## YOUR GOAL
Give the records again exactly as written. Leave out the pictures.

## RECORDS SUPPLIED
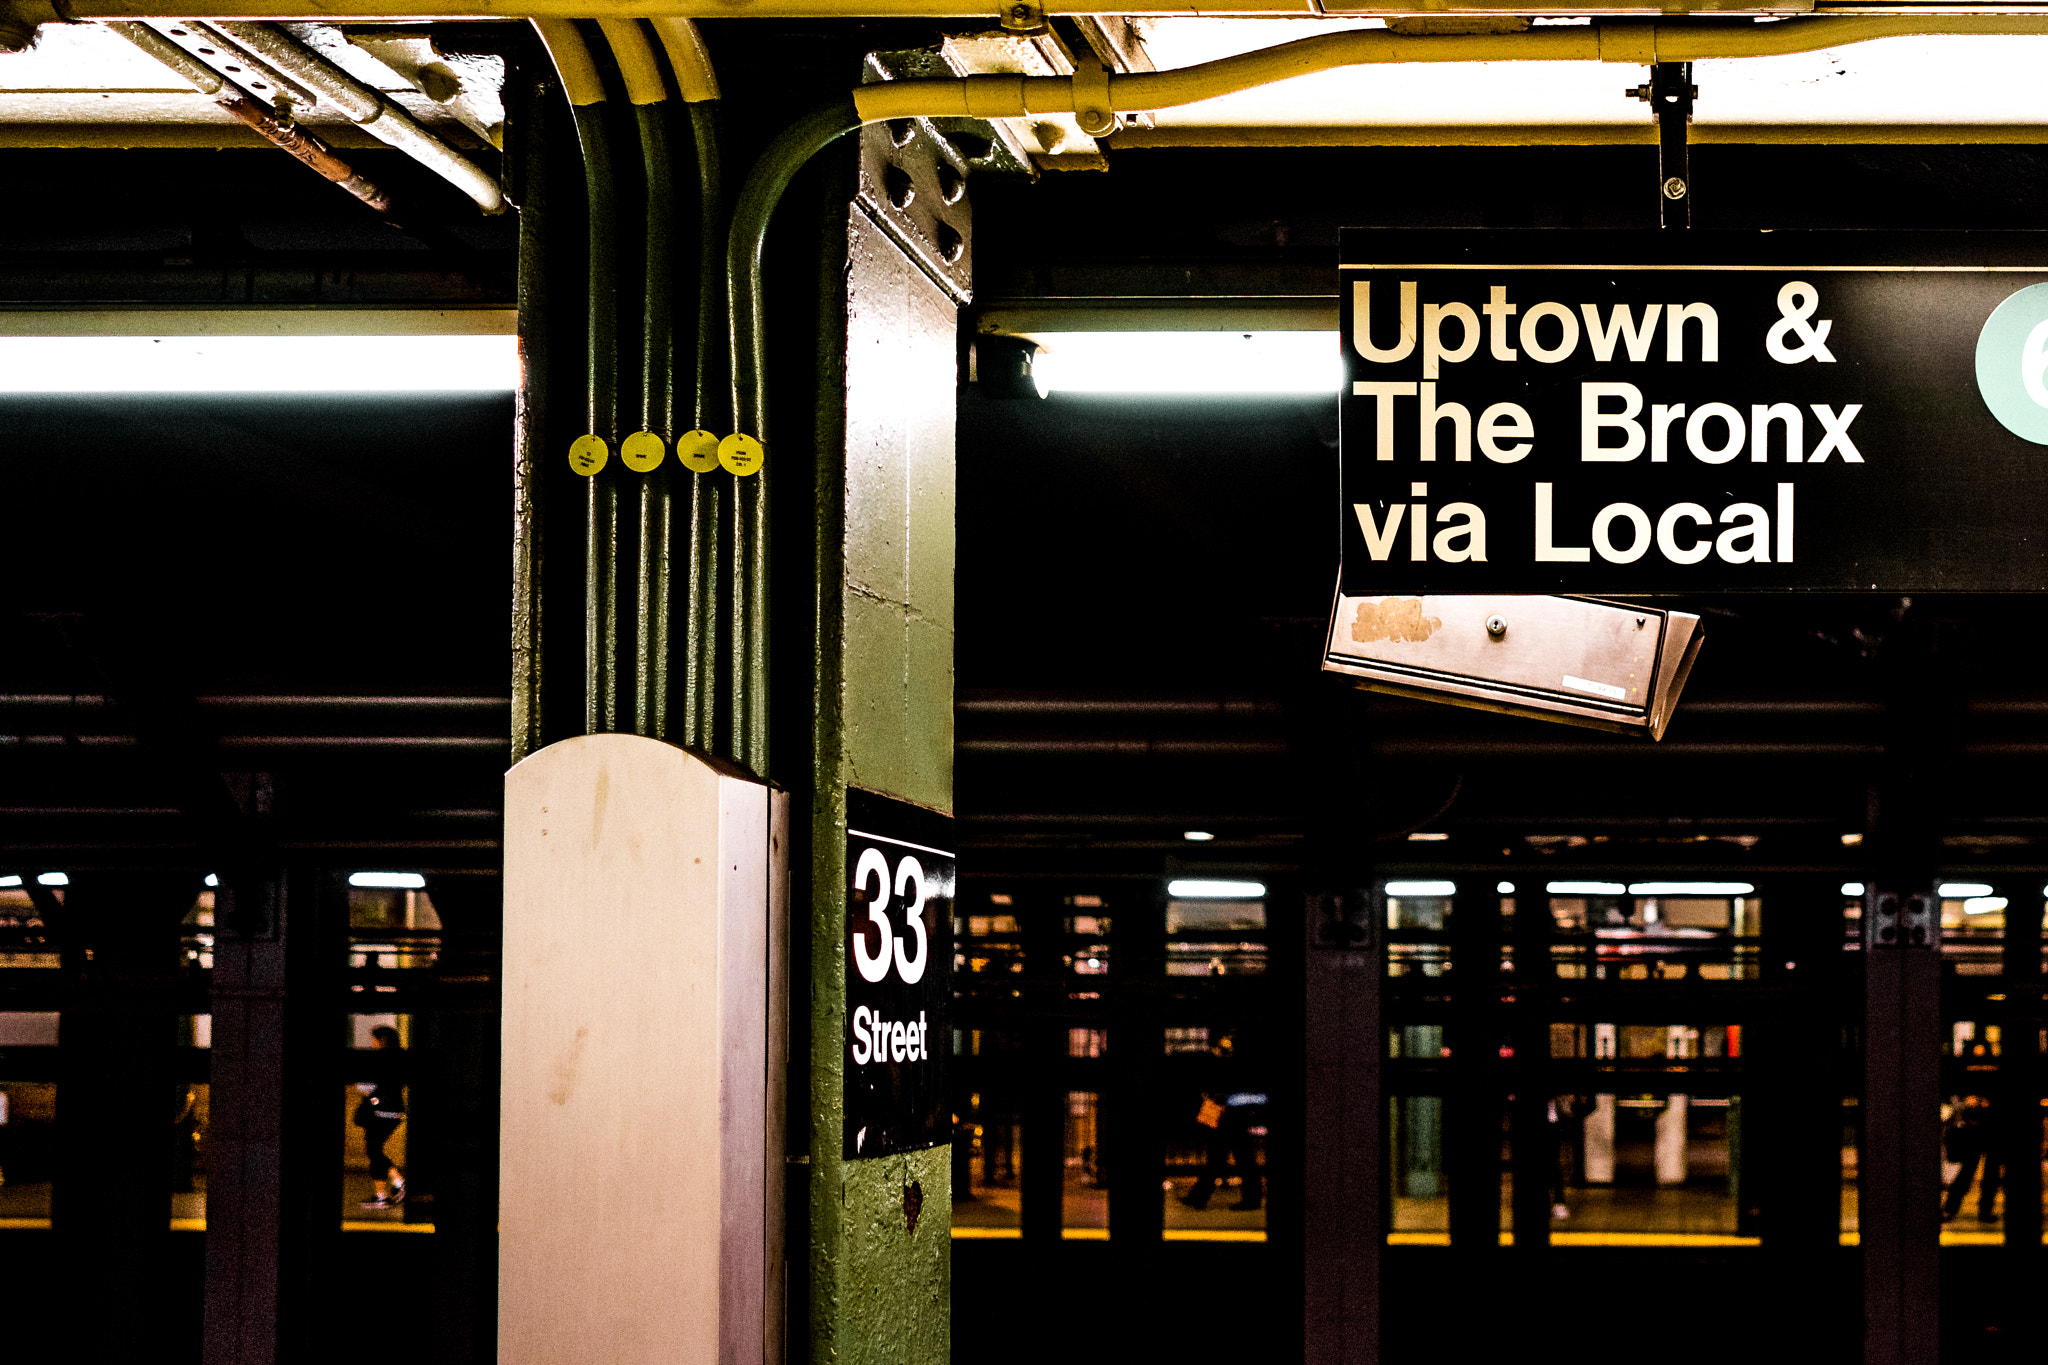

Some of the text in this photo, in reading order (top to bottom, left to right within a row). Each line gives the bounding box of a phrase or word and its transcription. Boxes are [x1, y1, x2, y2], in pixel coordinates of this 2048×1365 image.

[1353, 281, 1837, 380] Uptown &
[1353, 381, 1865, 465] The Bronx
[1353, 482, 1795, 565] via Local
[853, 847, 928, 985] 33
[852, 1004, 928, 1065] Street
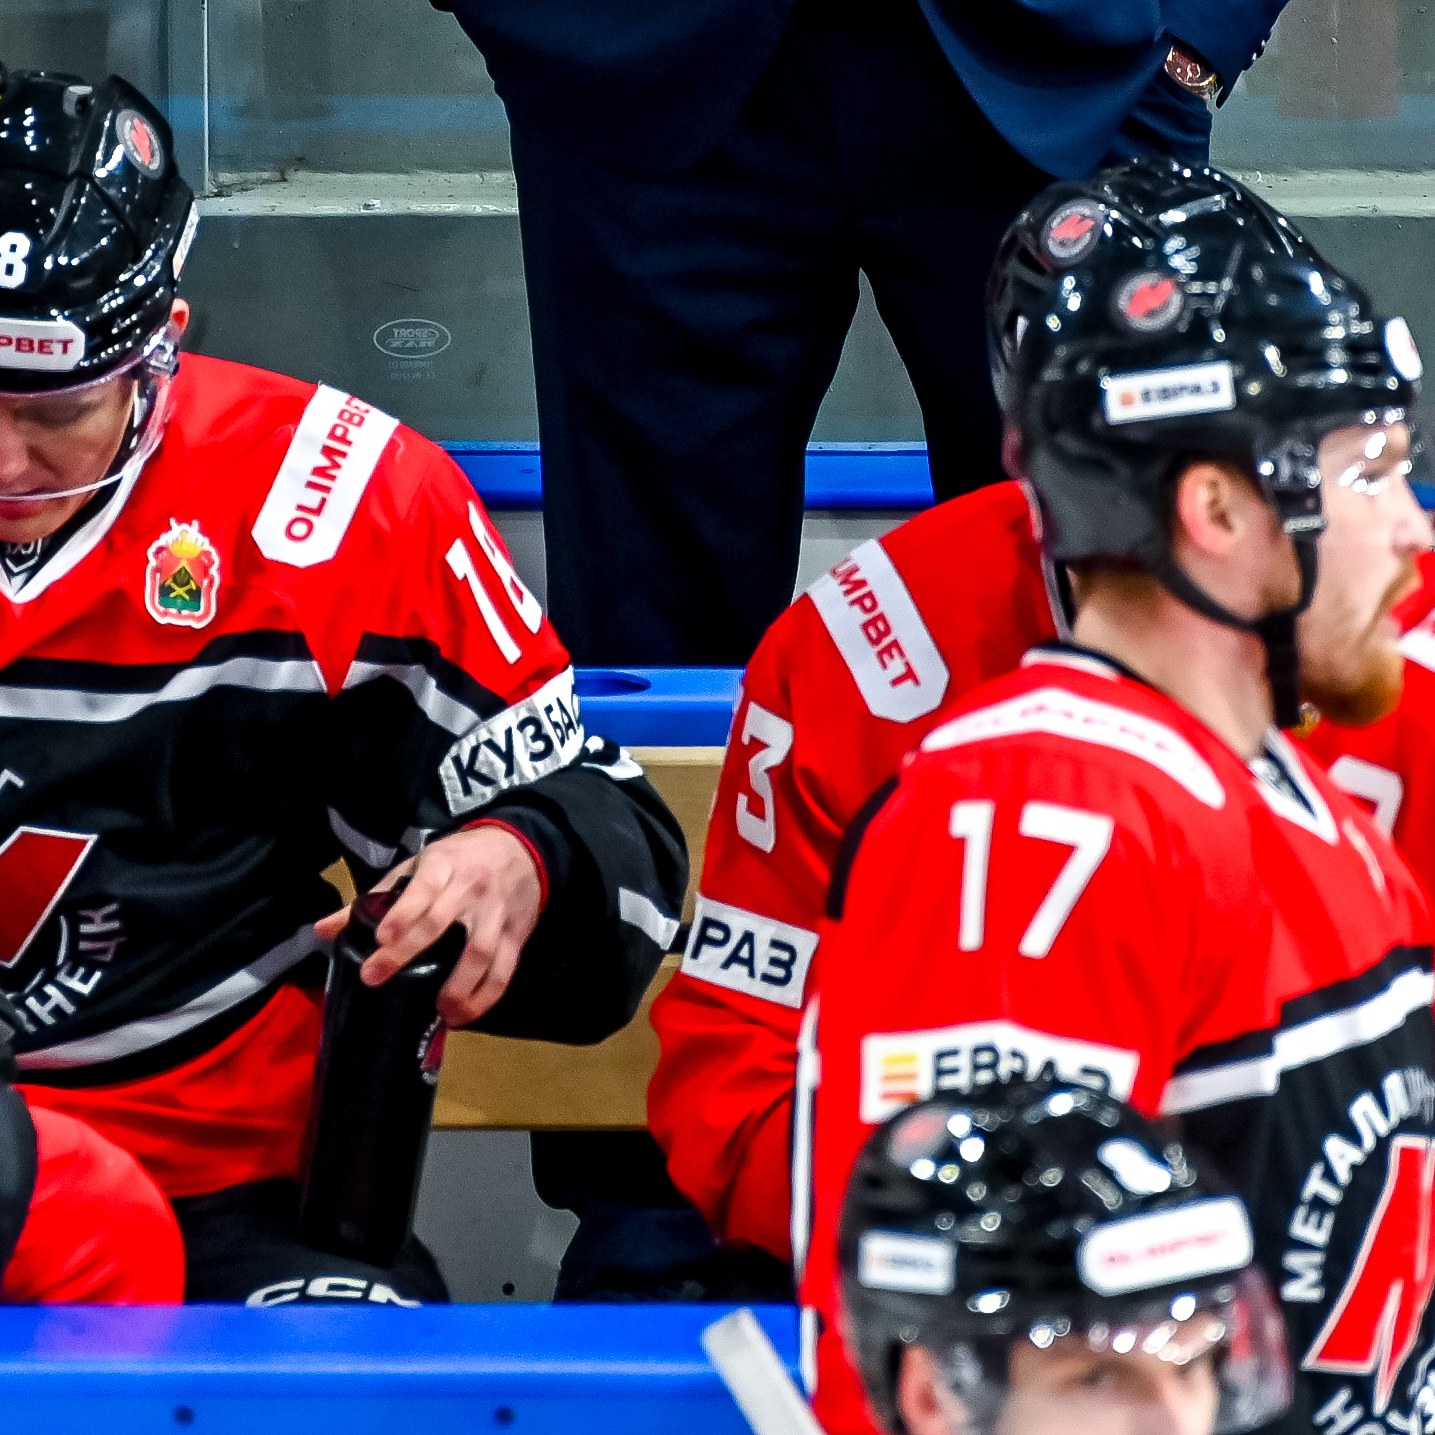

## RESULT FOR THIS TASK
Some of the text in this photo, in reading order (top to bottom, left to right within a row). Each line gives the bounding box of a phrase or word and its transcription. Boxes are [x1, y1, x2, y2], in pixel coordinates of this 2048×1365 image.

[1353, 281, 1837, 380] Uptown &
[1353, 381, 1865, 465] The Bronx
[1353, 482, 1795, 565] via Local
[853, 847, 928, 985] 33
[852, 1004, 928, 1065] Street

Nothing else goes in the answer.